Published by ImagingBiz

The ongoing success of the imaging-center industry has resulted in the proliferation of operating and management companies; this, in turn, has resulted in the increased acquisition of controlling interests in the imaging centers by the operators. By gaining a controlling interest, the operating company is able to bring substantial experience and negotiating clout to the venture, typically enhancing value. The success of these partnerships, combined with this increased demand, has resulted in the willingness of these operating and management companies not only to acquire controlling interests in imaging centers, but to do so at a premium.

Through our experience in the industry, we have observed that imaging-center operators typically pay a multiple of approximately four to five times a normalized level of EBITDA for a controlling interest. As would be expected, these multiples vary according to the specific facts and circumstances surrounding the transaction. The marketplace typically relies much more heavily upon EBITDA value indications (as opposed to net revenue) because a center’s EBITDA serves as a more accurate proxy for future cash flows than does revenue.

There are five primary categories of risk factors that can drive the fair market value of an imaging center toward the lower or higher end of the range of acquisition multiples.
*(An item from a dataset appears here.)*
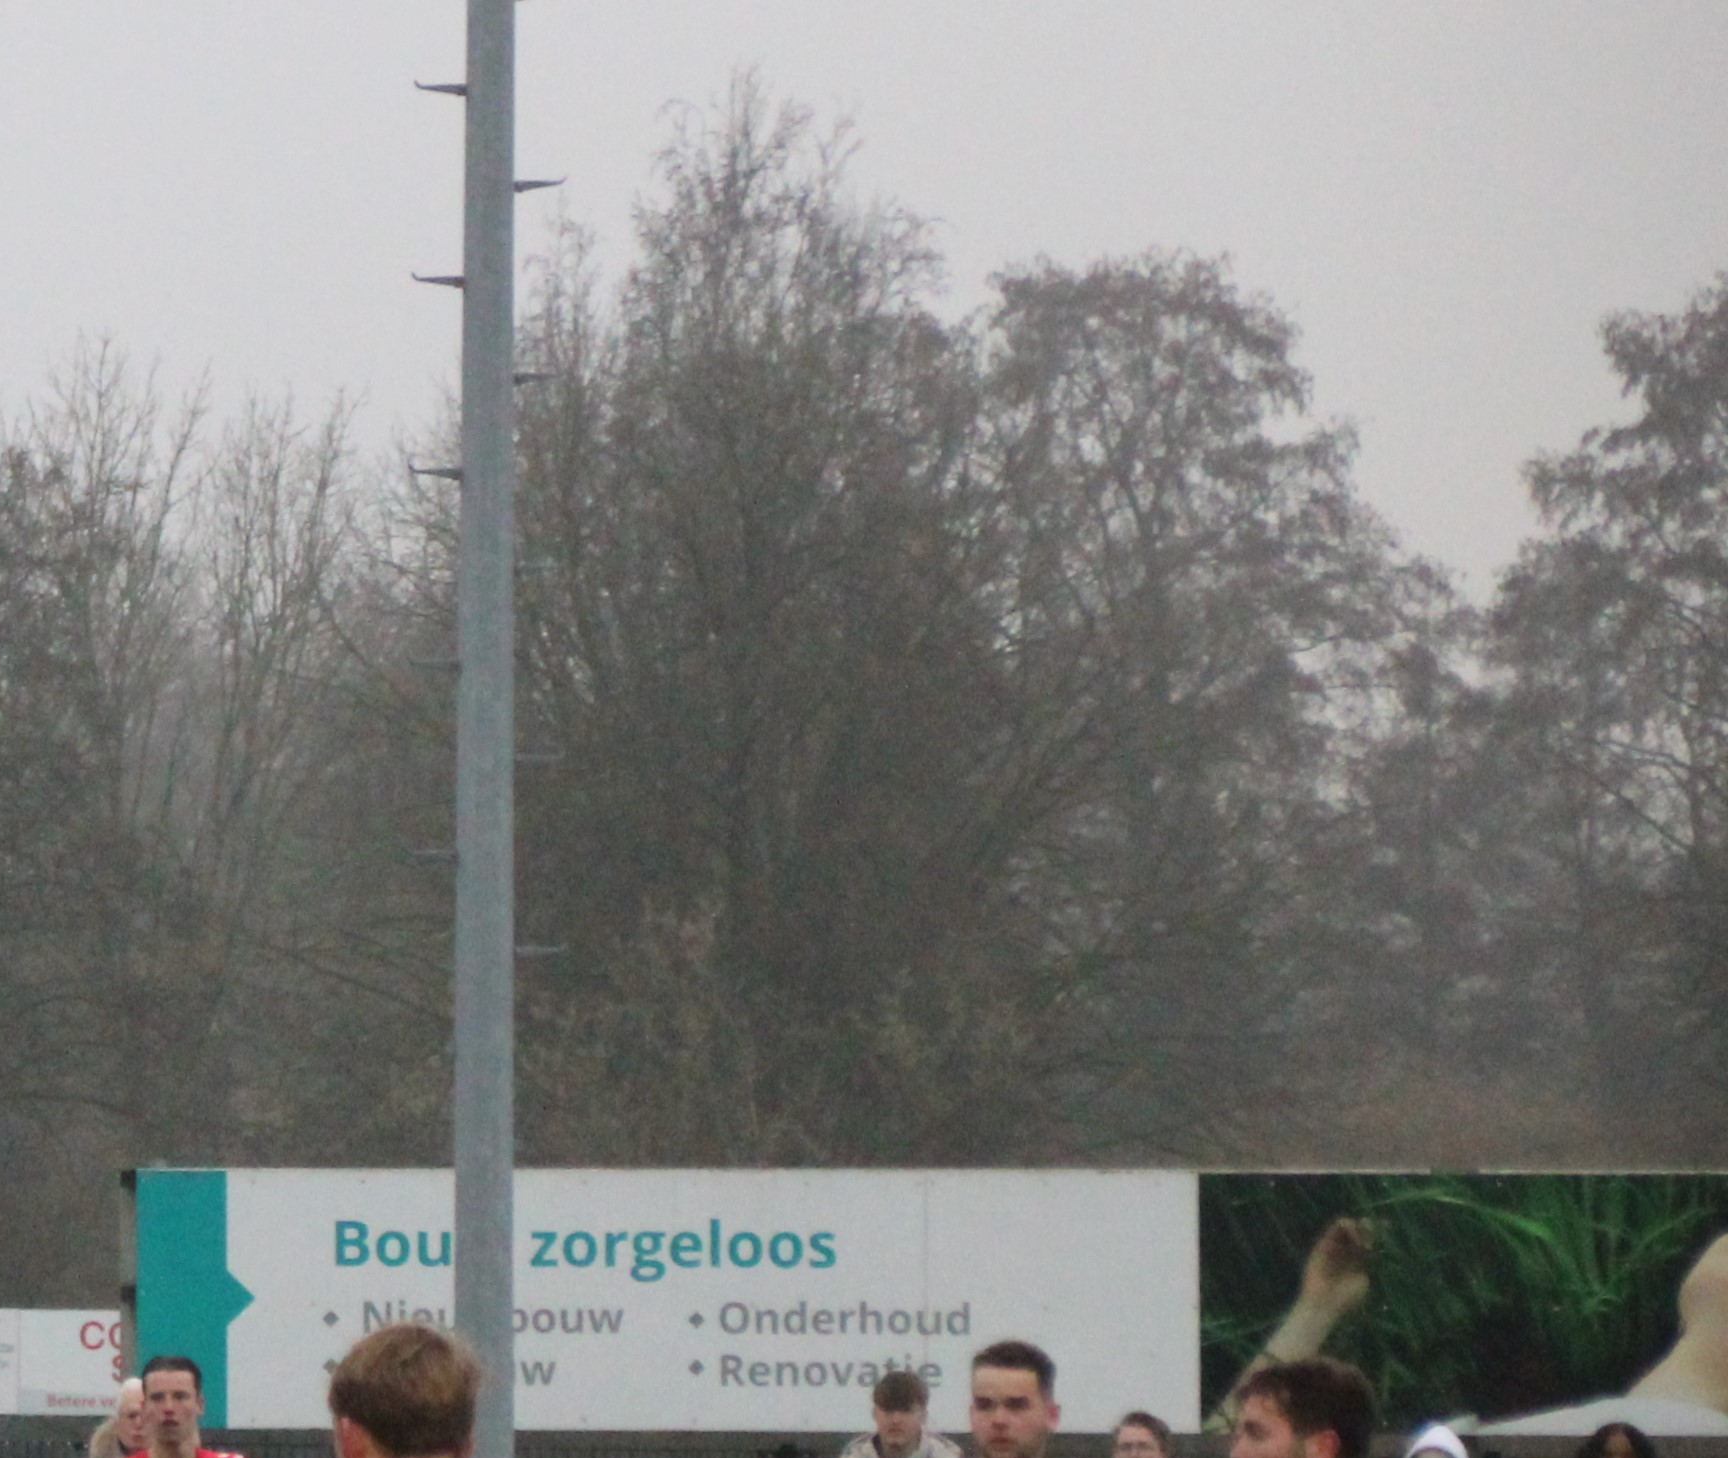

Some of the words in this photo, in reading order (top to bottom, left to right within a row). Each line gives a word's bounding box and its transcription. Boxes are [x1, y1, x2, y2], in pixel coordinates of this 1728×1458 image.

They are market, operational, equipment, referring-physician, and reimbursement risk factors.

Market Risk Factors

There are certain market risk factors that make an imaging center more or less valuable to a willing buyer. Favorable market risk factors include the existence of a certificate of need, favorable patient demographics, and high historical population growth. Certain states require a certificate of need for the ownership and operation of diagnostic-imaging equipment; the process of obtaining one can be very time consuming, creating a barrier to entry for competitors in certain markets. Favorable patient demographics and high historical population growth tend to result in a more favorable reimbursement environment, as well as higher projections for volume growth, which (in turn) increase the value of a center.